While he admitted that “when I started thinking about how to develop the project, I wanted to do an army of dolls, but it turned out to be too complicated,” Calza focused on two main dolls from the original Bratz series. One is Sasha, featuring dark skin, long dark brown wavy hair and hazel-green eyes. On her Bratz Wiki profile she is defined as “a sassy girl, who has no fear of confrontation or situations and she is very organized; she knows who she is, what she wants, and how to get it! She has a bad temper, which often leads her into trouble.”
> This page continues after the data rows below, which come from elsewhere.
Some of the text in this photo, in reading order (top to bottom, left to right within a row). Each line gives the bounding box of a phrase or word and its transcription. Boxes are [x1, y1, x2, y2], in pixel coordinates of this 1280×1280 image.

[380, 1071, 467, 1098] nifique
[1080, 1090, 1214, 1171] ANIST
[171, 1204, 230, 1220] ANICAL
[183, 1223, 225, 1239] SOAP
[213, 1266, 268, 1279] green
The other is Yasmin, or Pretty Princess to her friends, with brown skin, super long light brown hair, and pretty brown eyes. According to Bratz Wiki, Yasmin “can be quiet, but she is a talented writer with a love for animals. Yasmin is feminine, glamorous and stylish and always there for her friends. Even though there is something almost regal about her, Yasmin is not pretentious; she is open-minded and loves alternative trends in fashion, fitness and beauty.”
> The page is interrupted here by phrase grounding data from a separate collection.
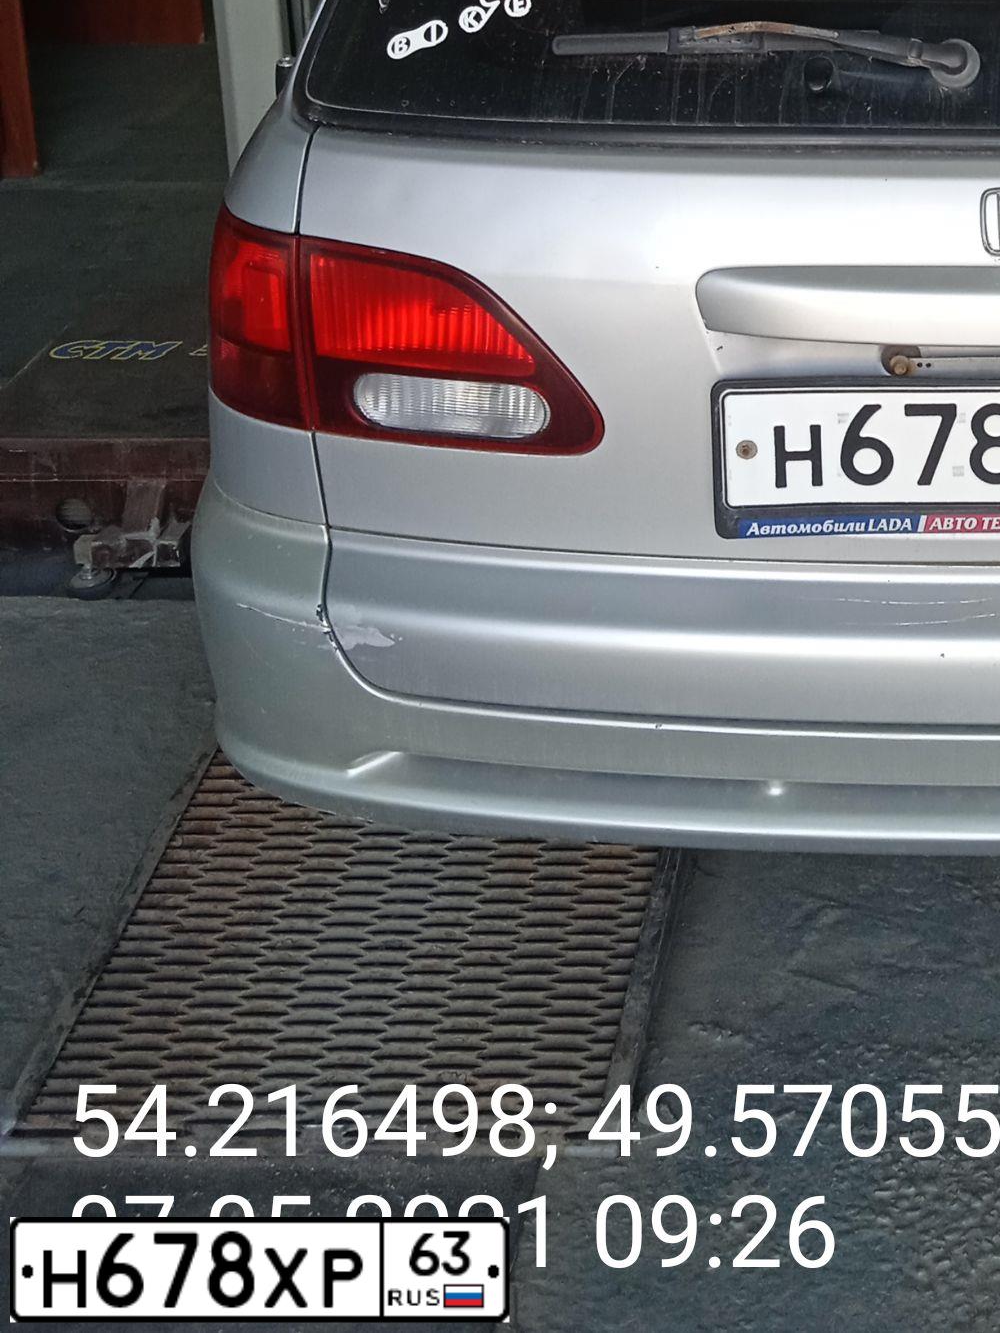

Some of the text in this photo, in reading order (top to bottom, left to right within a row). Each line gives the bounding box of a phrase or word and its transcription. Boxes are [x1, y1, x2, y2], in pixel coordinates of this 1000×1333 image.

[746, 517, 912, 536] Автомобили LADA
[929, 516, 977, 531] АВТО
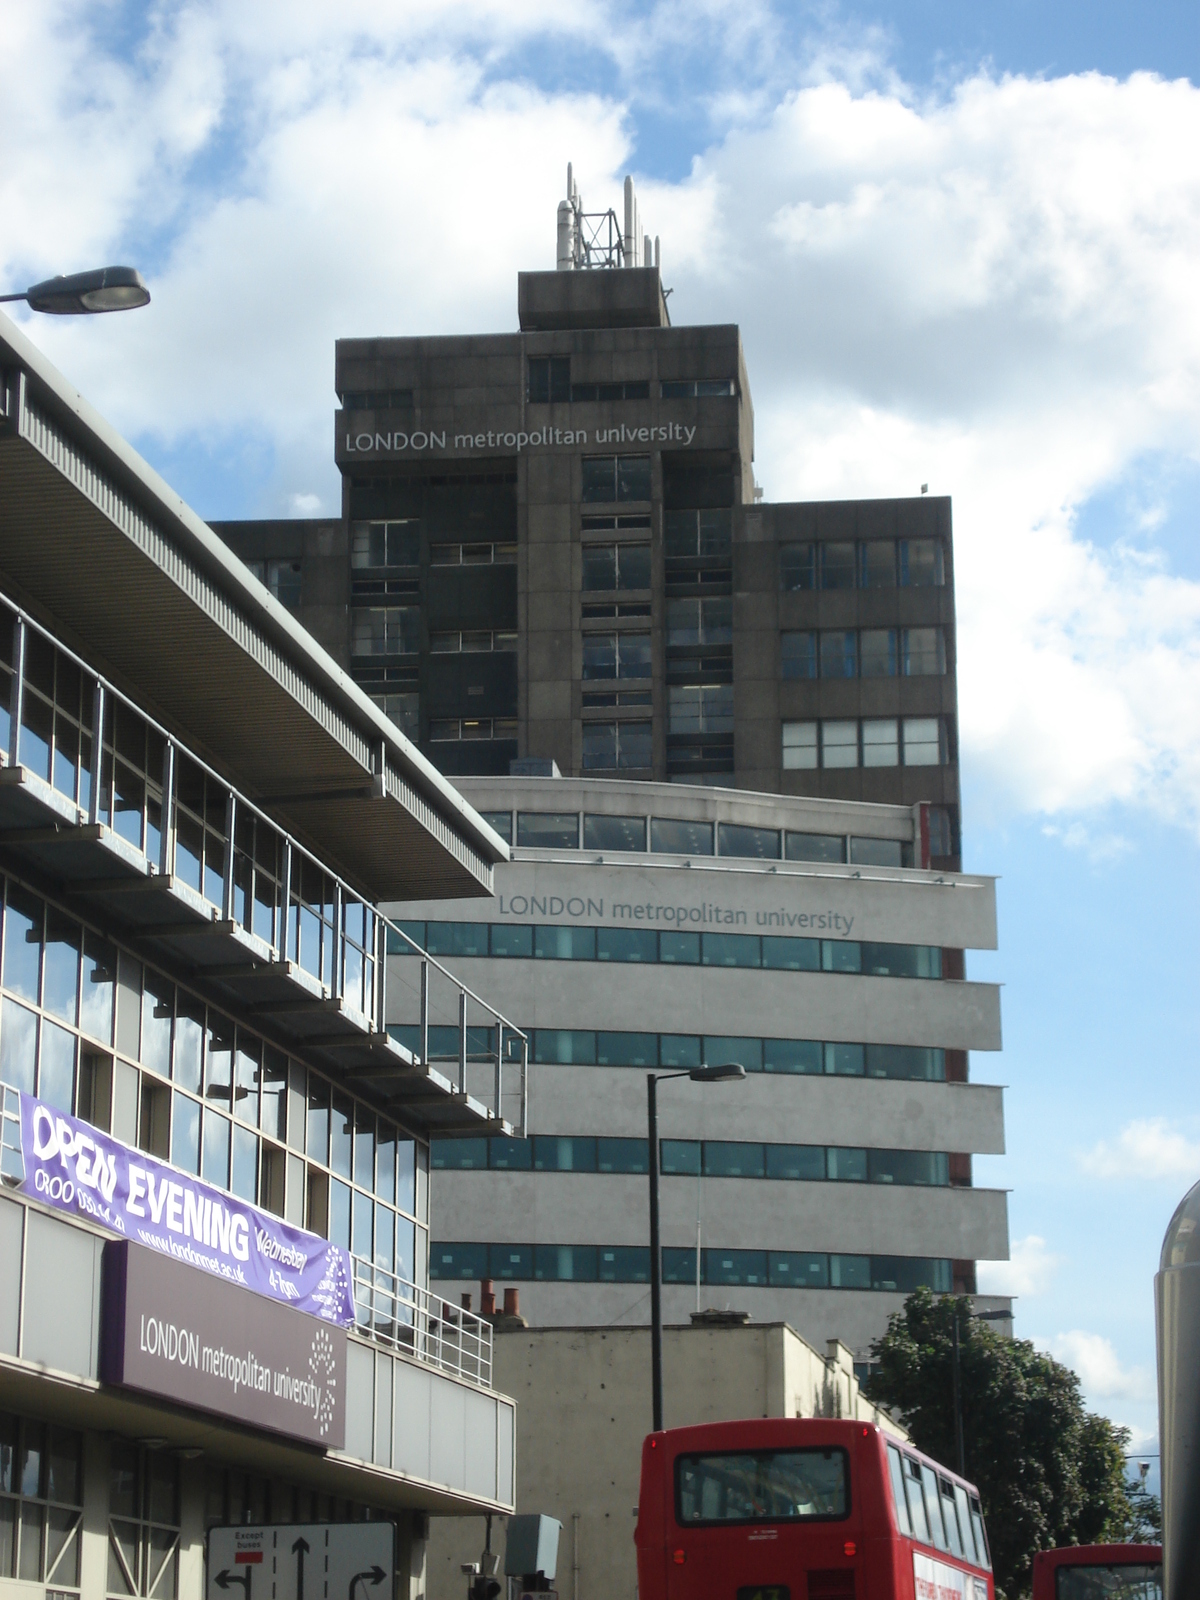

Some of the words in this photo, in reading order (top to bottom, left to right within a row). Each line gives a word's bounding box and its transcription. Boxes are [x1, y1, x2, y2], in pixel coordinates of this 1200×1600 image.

[345, 431, 447, 452] LONDON
[454, 426, 588, 451] metropolitan
[595, 421, 697, 446] university
[499, 895, 604, 918] LONDON
[612, 902, 748, 928] metropolitan
[755, 907, 855, 936] university
[32, 1105, 118, 1203] OPEN
[126, 1163, 250, 1261] EVENING
[137, 1228, 248, 1285] www.londonmet.ac.uk
[254, 1226, 308, 1275] Wednesday
[269, 1268, 300, 1299] 4-7pm
[140, 1314, 200, 1370] LONDON
[202, 1345, 271, 1393] metropolitan
[273, 1367, 322, 1420] university
[235, 1531, 264, 1540] Except
[237, 1541, 261, 1549] buses
The two dolls’ personalities are reflected by the creativity of Calza, who created customized looks for both. Taking inspiration from past GCDS collections, he designed two eye-catching looks, filled with tiny details and infused with the playful irony typical of the fashion brand.
Sasha comes dressed in a mini crystal dress layered on a black catsuit. Her outfit also includes a faux fur coat printed with the GCDS logo, over-the-knee boots, gold earrings and a heart-shaped chained bag.
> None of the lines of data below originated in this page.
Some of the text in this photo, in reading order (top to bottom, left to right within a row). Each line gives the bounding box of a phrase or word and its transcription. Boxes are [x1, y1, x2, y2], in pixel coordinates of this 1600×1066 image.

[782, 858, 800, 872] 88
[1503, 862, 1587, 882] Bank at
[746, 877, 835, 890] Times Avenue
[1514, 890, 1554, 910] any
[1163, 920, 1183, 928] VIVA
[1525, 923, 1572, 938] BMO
Yasmin sports a minidress with balloon sleeves splashed with a Bratz-themed allover print and cinched at the waist with a sparkling logo belt. Her glamorous accessories include earrings with the GCDS logo, heeled clogs and a lilac tote bag. As in all the Bratz dolls, both Sasha and Yasmin’s feet are removable, enabling a change of shoes.
Available in a limited quantity of 30,000 pieces, distributed to specialty stores across the globe, the GCDS x Bratz dolls will also be featured in the “Bratzology” book, with a cascade of stickers allowing consumers to create a one-of-a-kind Bratz that can be dressed and styled with myriad clothes and accessories.
“It’s 100 percent about 2000s nostalgia,” said Calza, referring to the fact that sticker books were popular in that period, when Bratz mania also boomed. “You can create the Bratz you want: We included all the skin colors, all the eye shapes.…It’s all about individuality that is also the main message of my creative direction…with my collections I tell people: ‘You do you.’”
Calza, who also teamed up with MGA Entertainment to create a Bratz doll of himself and of seven of his personal female friends and friends of the brand, developed a special clothing capsule dedicated to the Bratz world. Conceived to be unisex, the lineup spans from hoodies printed with Bratz’s slogan “Passion for Fashion,” which is also rendered in crystals on a jersey off-the-shoulder dress, to shorts printed with a pattern of Bratz dolls and bra tops.
The customized Bratz dolls, as well as a range of gadgets, will be available at a holiday pop-up shop that GCDS will run from Dec. 1 to Dec. 31 on Milan’s Via Sant’Andrea, in the city’s Golden Triangle luxury shopping district.
The pop-up shop, which will feature a 6.2-foot resin Bratz doll by artist Colin Christian, will also carry five GCDS gift boxes. Among them, the Fur-Lover contains faux fur pieces that include a fisherman’s hat and bag and slippers bearing the brand’s logo in black and white, while the Happy Sock-Mas version carries three logoed rib socks. For a GCDS sleepover, the Logo Lounger box offers a pajama set, ashtray and sleep mask, all embellished with a pattern blending ’60s geometric designs and the brand’s logo.
“I’m obsessed with Christmas, probably because my family never really cared about that,” said Calza, who described the GCDS gift shop as a “sort of restaurant offering poke bowls, you just get there, you see the menu and you pick your gift.”
GCDS, which a year ago received an investment from Italian private equity firm Made in Italy Fund, managed by Quadrivio and Pambianco, employs 65 people and operates boutiques in Rome, Florence and London, as well as five other units in mainland China and Hong Kong.
While the company is in the process of relocating its Milan flagship and next spring will open a store in a seaside destination, GCDS also aims to open a boutique in New York.